RH:  That's interesting.

BR:  It was.  Very ironic.

RH:  Right.

BR:  But anyway, after Sukkot, and the kids went back, then there was a tremendous amount of loneliness that set in.  And the cell phone did not work most of the time.  We still did not have a landline.  And so because the phone didn't work, so the computer, with the Internet, didn't work.  So there was a lot of loneliness for me.

RH:  So tell me -- tell me about that.  How did you get through those -- because you --

BR:  I used to count the seconds until the cell phone would start working again.  And when I would actually get the cell phone working, I would quickly try to speak to some of my children, or my mother, or my mother-in-law.  I would usually be able to speak to one or two people and then have to say, well you call everybody else because my signal is dying.  And it got me down.  I ate.  I gained 20 pounds.  Just like everybody else.  The Katrina 20.

RH:  That's been common.

BR:  And --

RH:  Tell me.  Now if we reflect back on what you created here, I wonder if you could tell me your idea of home and what is home after you've been through this entire year and after you recreated home on Sukkot for so many people.
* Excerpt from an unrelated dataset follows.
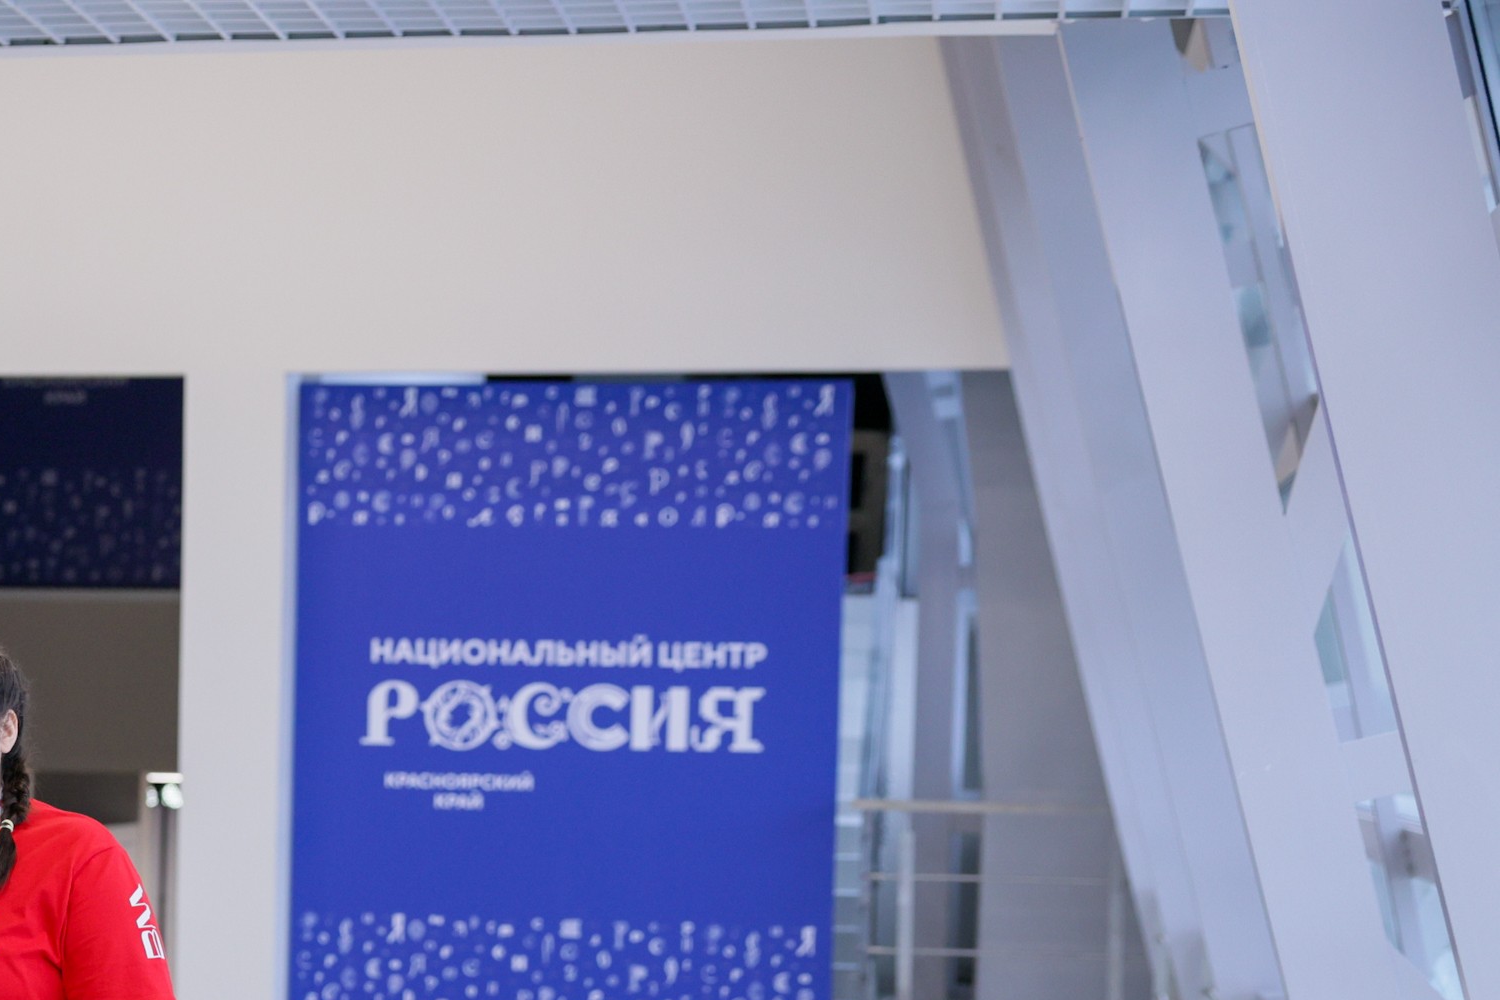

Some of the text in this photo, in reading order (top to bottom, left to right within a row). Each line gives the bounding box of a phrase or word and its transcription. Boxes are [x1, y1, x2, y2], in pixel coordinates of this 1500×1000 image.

[370, 634, 768, 672] НАЦИОНАЛЬНЫЙ ЦЕНТР
[359, 678, 766, 754] РОССИЯ
[383, 770, 535, 792] КРАСНОЯРСКИЙ
[432, 789, 485, 811] КРАЙ
BR:  OK.  What is home?  Well, like the old cliché -- home is where the heart is.  Like, I just wrote to a friend in an e-mail and she said she just got a house in Austin.  And I wrote back to her and I said, I'm so happy you got a house to put your home into.  Because you have -- your home is where you heart is, so your home is where you are with people.  If you're fortunate to have a family.  And then you have to have a house to put it into.  And it happens to be that it does work better when you have a house to put it into.  Whether that house is an apartment or whatever.  But actually, you need a kind of physical place to put the home into.  It's true that home is where the heart is, but it kind of needs a house to put it into.  So what is home?  Home to me should be a place that is warm and welcoming, preferably blessed with family.  And if you don't have family, then good friends that share a similar value system of -- in terms of morals and appreciation of life and it should have enough of a semblance of order that it should be a healthy, safe place where people can find their stuff.  I think -- I'm striving very much -- and it's been a little hard now with everybody else here -- to minimize our possessions more and really try to -- you know, what happened was, during those weekend when we were not home, and a lot of people say this, how little we could manage with, and I want to try to get rid of stuff that really, we don't need.  Have less stuff to take care of, but at the same time, treasure the stuff that we do have in a way of serving whatever value system and whatever we want to accomplish.  If it doesn't serve us in the way that we need to accomplish it, and if it doesn't have a great sentimental value, then we should get rid of it.

RH:  Interesting.

BR:  I haven't had the time to do that too much because what happened was, right after that, a lot of people started coming back to check their property, so a lot of people would stay over.  You know, like from Monday to Friday, somebody would stay and they would work on their house.  And then somebody else would come.  And it was just a stream of people just coming and going.  And you know, I was very happy when they came.  And I wasn't sure what was going to be here.  And I had no idea what was going to be the future here.  And I just kept saying -- everything is -- you know, God has a plan.  We'll have to see as it unfolds.  But in the meantime, every day, we have to, just one person at a time, one smile at a time, make the day better for as many people as we can.  Bring as much holiness and kindness and goodness -- and I felt that the community and the city needed a lot of that to balance some of the unholiness that had been revealed so much on television, you know, about what was going on in New Orleans.  And obviously it was always here.  We just didn't see it openly.  And you know, if somebody had been cruel, we needed to be doubly kind.  If someone had been immoral, we needed to be doubly moral.  You know what I'm saying?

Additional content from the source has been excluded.